Fine-tuning BART on CNN-Dailymail summarization task

1) Download the CNN and Daily Mail data and preprocess it into data files with non-tokenized cased samples.

Follow the instructions here to download the original CNN and Daily Mail datasets. To preprocess the data, refer to the pointers in this issue or check out the code here.

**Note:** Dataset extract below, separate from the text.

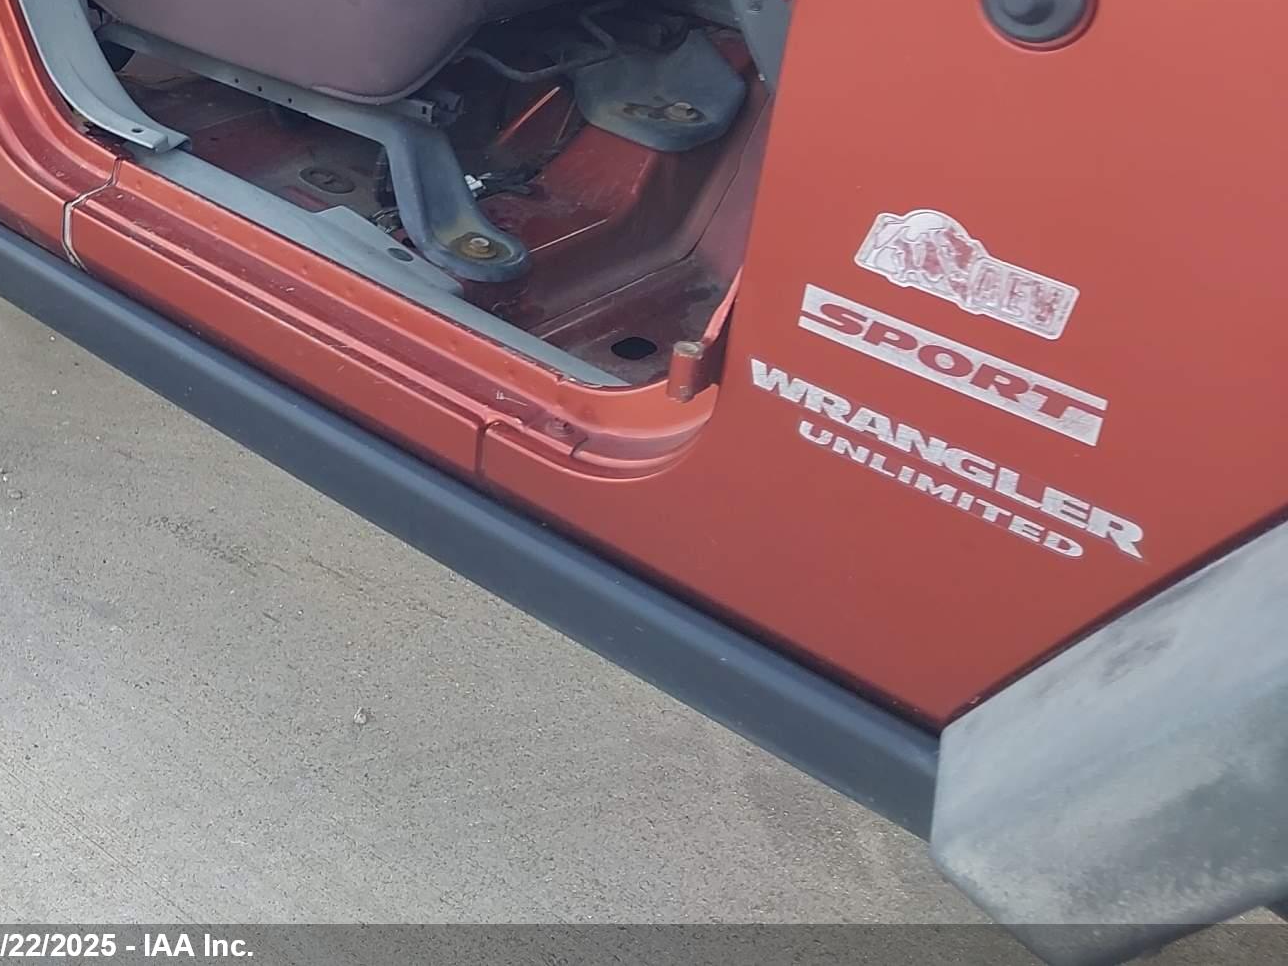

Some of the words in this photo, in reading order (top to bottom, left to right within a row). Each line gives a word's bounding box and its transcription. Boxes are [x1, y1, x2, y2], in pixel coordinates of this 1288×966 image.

[818, 302, 1082, 420] SPORT
[750, 359, 1143, 560] WRANGLER
[797, 419, 1084, 558] UNLIMITED

Follow the instructions here to download the original Extreme Summarization datasets, or check out the code here, Please keep the raw dataset and make sure no tokenization nor BPE on the dataset.

2) BPE preprocess:

wget -N 'https://dl.fbaipublicfiles.com/fairseq/gpt2_bpe/encoder.json'
wget -N 'https://dl.fbaipublicfiles.com/fairseq/gpt2_bpe/vocab.bpe'
wget -N 'https://dl.fbaipublicfiles.com/fairseq/gpt2_bpe/dict.txt'

TASK=cnn_dm
for SPLIT in train val
do
  for LANG in source target
  do
    python -m examples.roberta.multiprocessing_bpe_encoder \
    --encoder-json encoder.json \
    --vocab-bpe vocab.bpe \
    --inputs "$TASK/$SPLIT.$LANG" \
    --outputs "$TASK/$SPLIT.bpe.$LANG" \
    --workers 60 \
    --keep-empty;
  done
done

3) Binarize dataset:

fairseq-preprocess \
  --source-lang "source" \
  --target-lang "target" \
  --trainpref "${TASK}/train.bpe" \
  --validpref "${TASK}/val.bpe" \
  --destdir "${TASK}-bin/" \
  --workers 60 \
  --srcdict dict.txt \
  --tgtdict dict.txt;

4) Fine-tuning on CNN-DM summarization task:

Example fine-tuning CNN-DM

TOTAL_NUM_UPDATES=20000  
WARMUP_UPDATES=500      
LR=3e-05
MAX_TOKENS=2048
UPDATE_FREQ=4
BART_PATH=/path/to/bart/model.pt

CUDA_VISIBLE_DEVICES=0,1,2,3,4,5,6,7 fairseq-train cnn_dm-bin \
    --restore-file $BART_PATH \
    --max-tokens $MAX_TOKENS \
    --task translation \
    --source-lang source --target-lang target \
    --truncate-source \
    --layernorm-embedding \
    --share-all-embeddings \
    --share-decoder-input-output-embed \
    --reset-optimizer --reset-dataloader --reset-meters \
    --required-batch-size-multiple 1 \
    --arch bart_large \
    --criterion label_smoothed_cross_entropy \
    --label-smoothing 0.1 \
    --dropout 0.1 --attention-dropout 0.1 \
    --weight-decay 0.01 --optimizer adam --adam-betas "(0.9, 0.999)" --adam-eps 1e-08 \
    --clip-norm 0.1 \
    --lr-scheduler polynomial_decay --lr $LR --total-num-update $TOTAL_NUM_UPDATES --warmup-updates $WARMUP_UPDATES \
    --fp16 --update-freq $UPDATE_FREQ \
    --skip-invalid-size-inputs-valid-test \
    --find-unused-parameters;

Above is expected to run on 1 node with 8 32gb-V100. Expected training time is about 5 hours. Training time can be reduced with distributed training on 4 nodes and --update-freq 1.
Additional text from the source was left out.